## EXERCISE REQUIREMENTS
As soon as the line containing "this 2576×1449 image." appears, copy it and every following line word for word until the records end.

::::::::

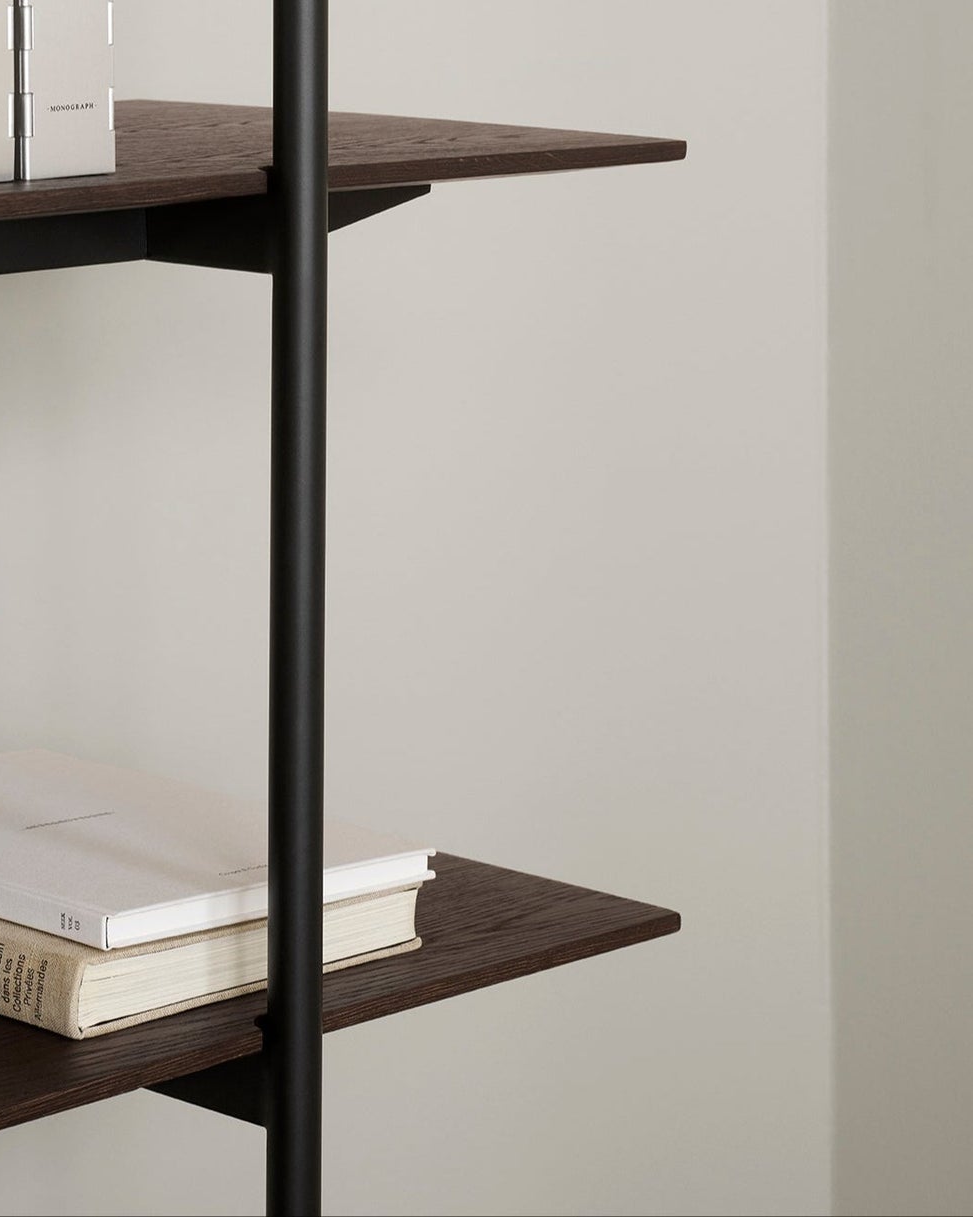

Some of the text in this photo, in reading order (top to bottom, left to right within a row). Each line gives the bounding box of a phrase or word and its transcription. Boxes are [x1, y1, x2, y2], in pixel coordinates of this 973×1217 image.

[1, 958, 13, 1004] dans les
[13, 954, 26, 1012] Collections
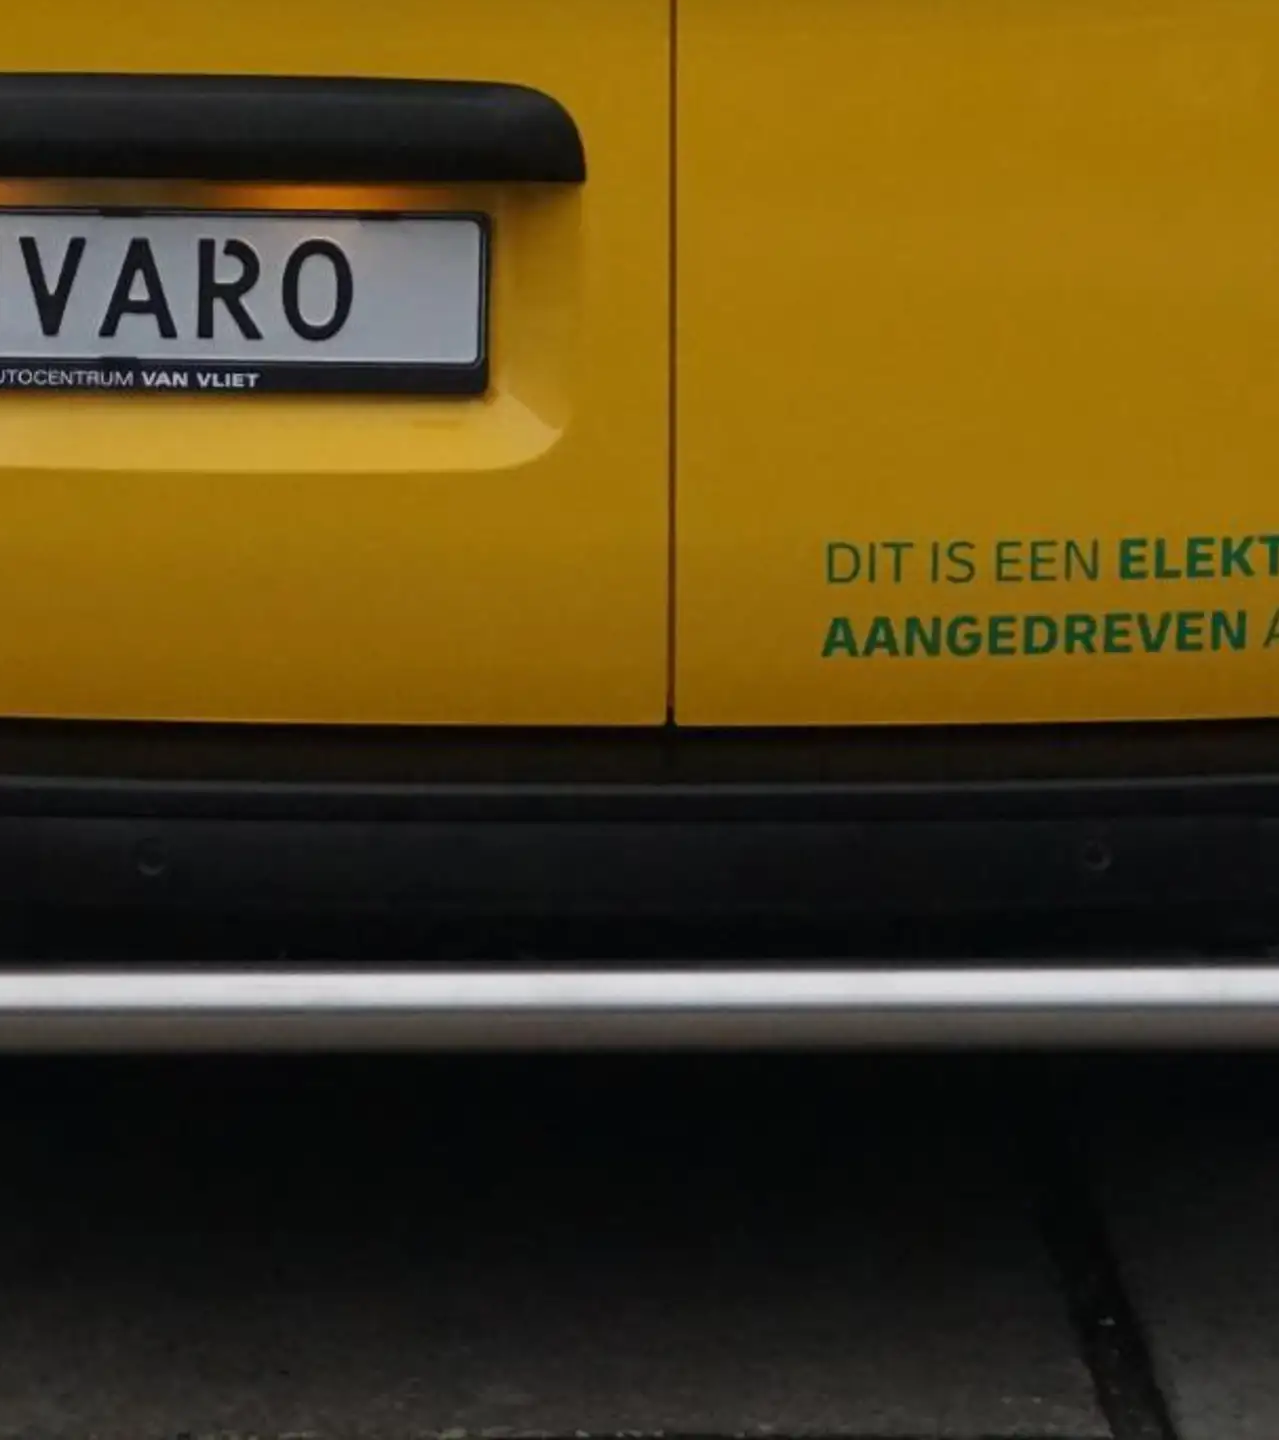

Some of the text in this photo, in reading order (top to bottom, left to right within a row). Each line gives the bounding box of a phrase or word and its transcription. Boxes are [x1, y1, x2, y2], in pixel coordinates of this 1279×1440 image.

[141, 370, 189, 388] VAN
[196, 372, 261, 389] VLIET
[826, 542, 914, 584] DIT
[931, 541, 976, 584] IS
[996, 539, 1099, 582] EEN
[821, 610, 1247, 658] AANGEDREVEN
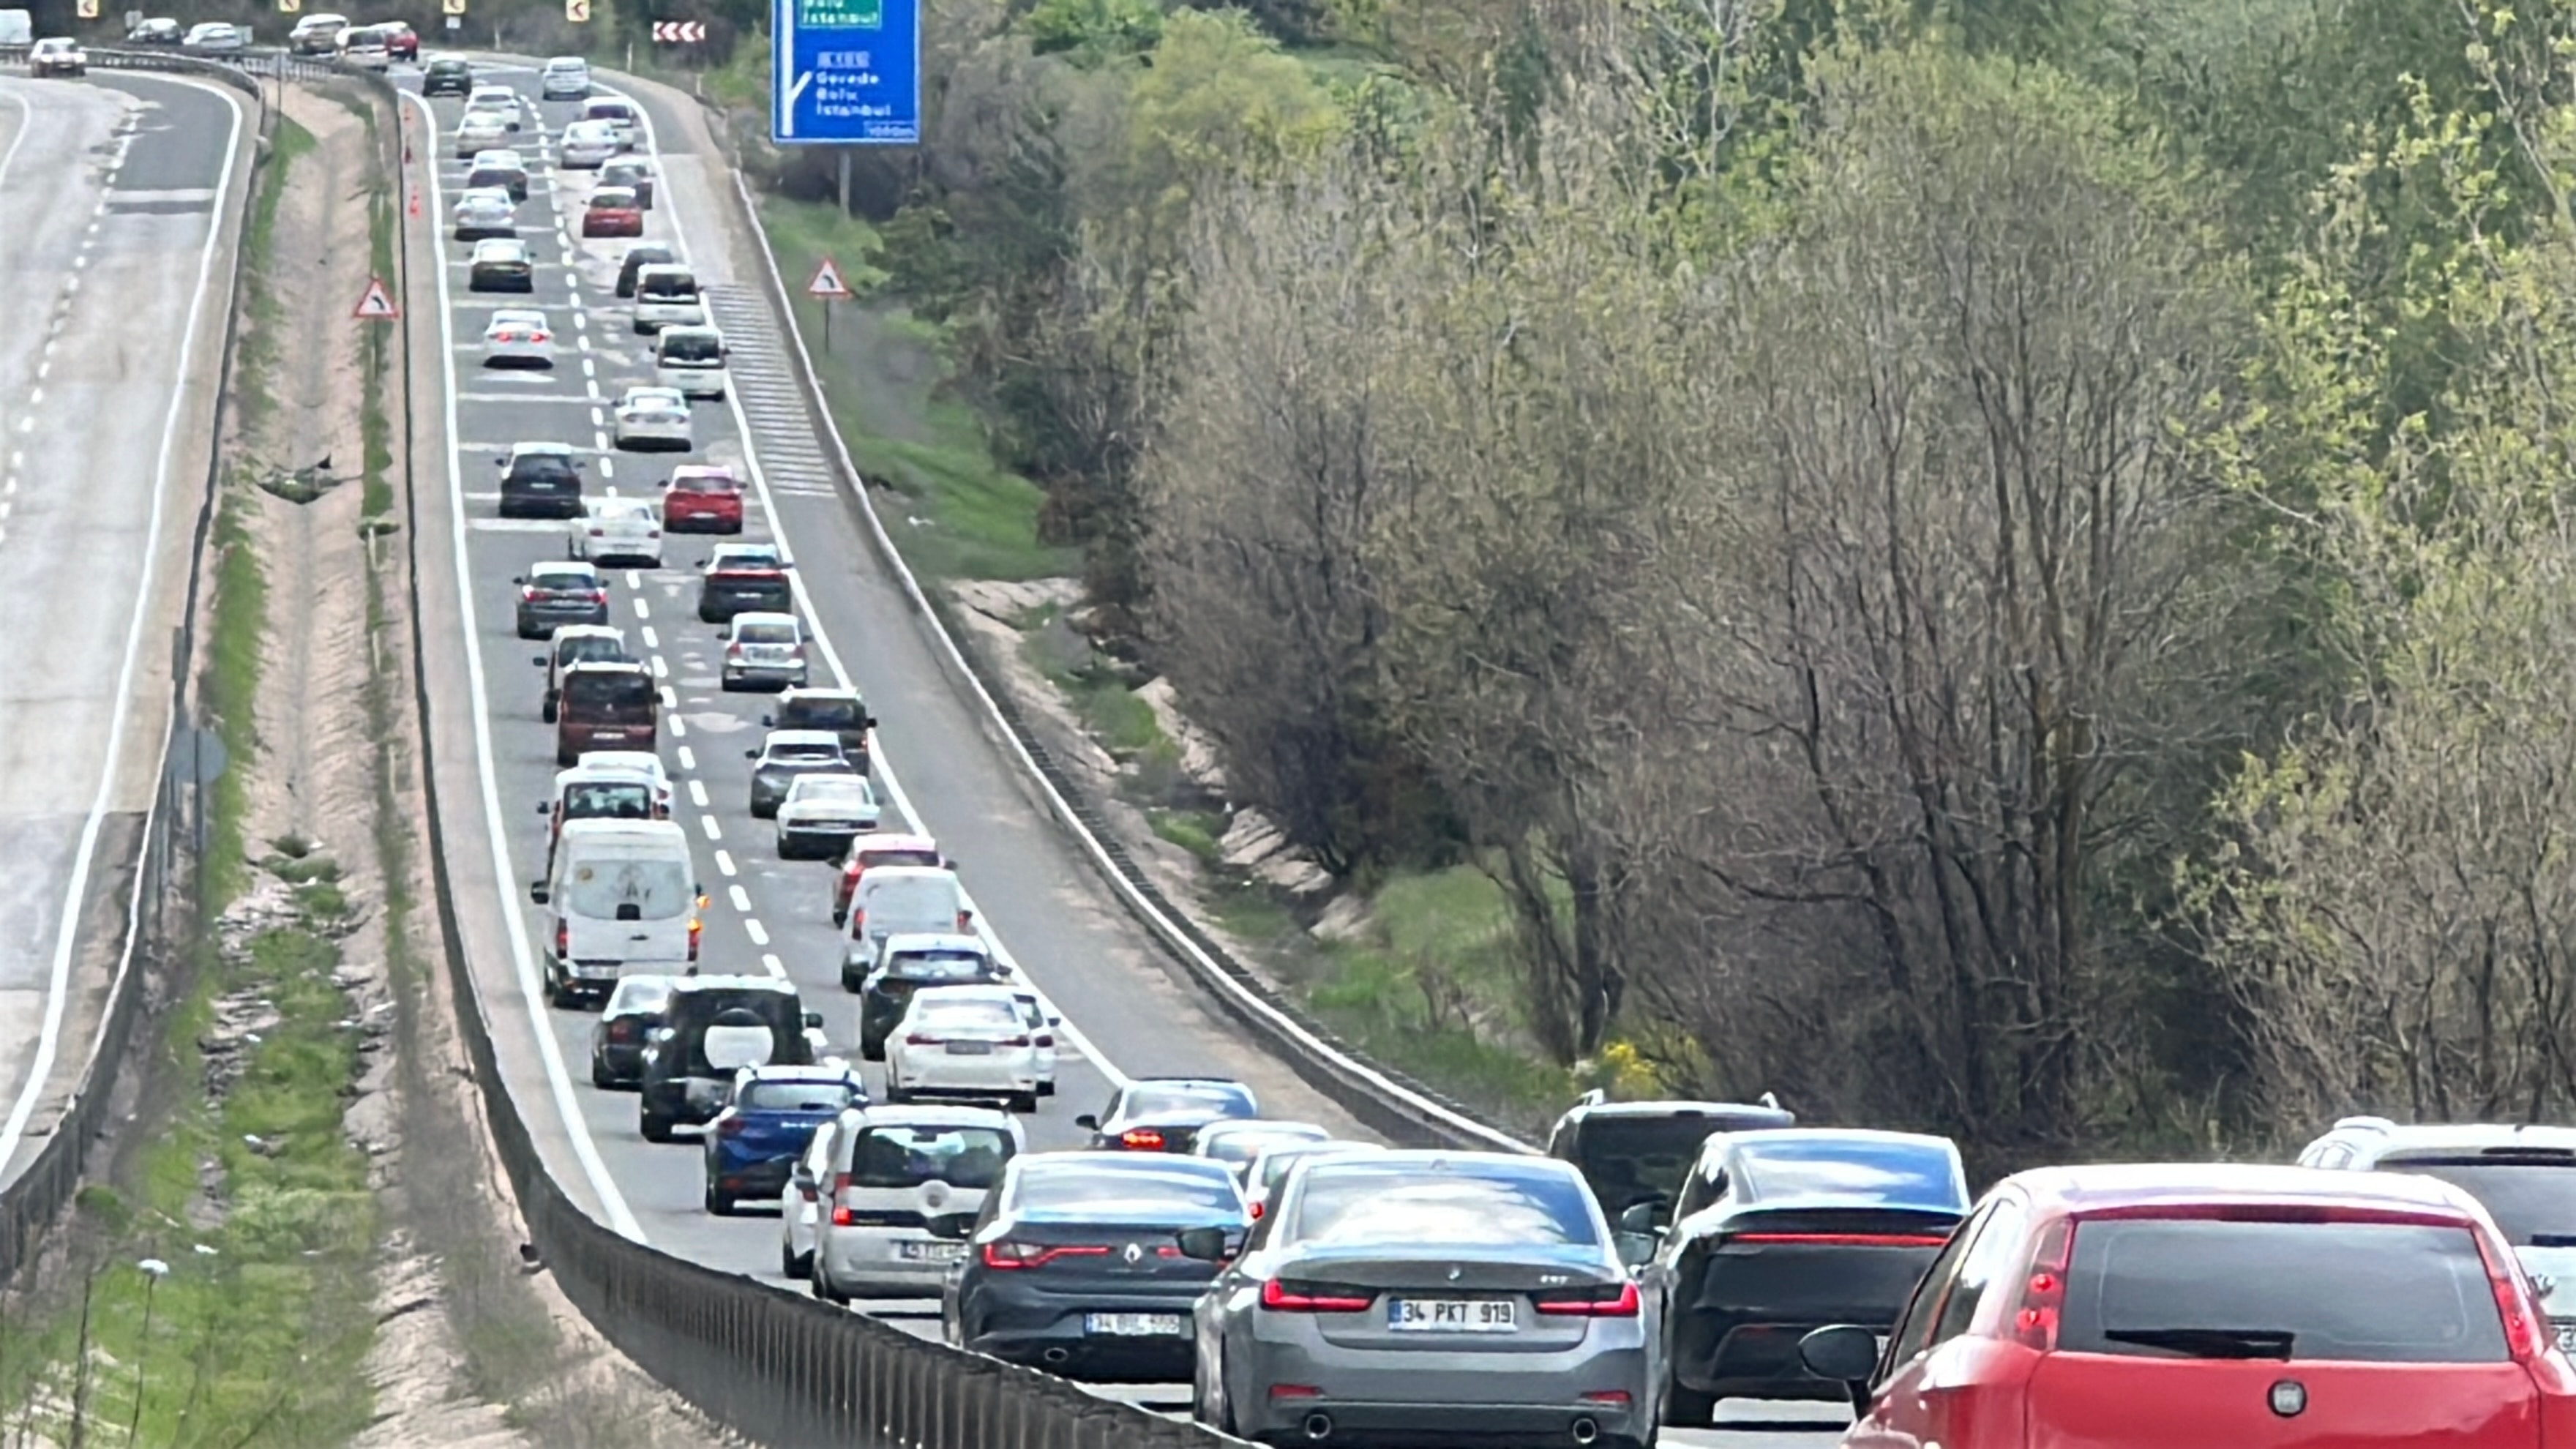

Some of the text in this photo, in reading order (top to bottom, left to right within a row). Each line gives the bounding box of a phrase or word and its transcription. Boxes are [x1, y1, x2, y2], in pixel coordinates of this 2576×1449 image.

[1404, 1303, 1511, 1323] 34 PKT 919

::::::::

## YOUR SOLUTION
Some of the text in this photo, in reading order (top to bottom, left to right within a row). Each line gives the bounding box of a phrase or word and its transcription. Boxes are [x1, y1, x2, y2], in pixel coordinates of this 2576×1449 image.

[1404, 1303, 1511, 1323] 34 PKT 919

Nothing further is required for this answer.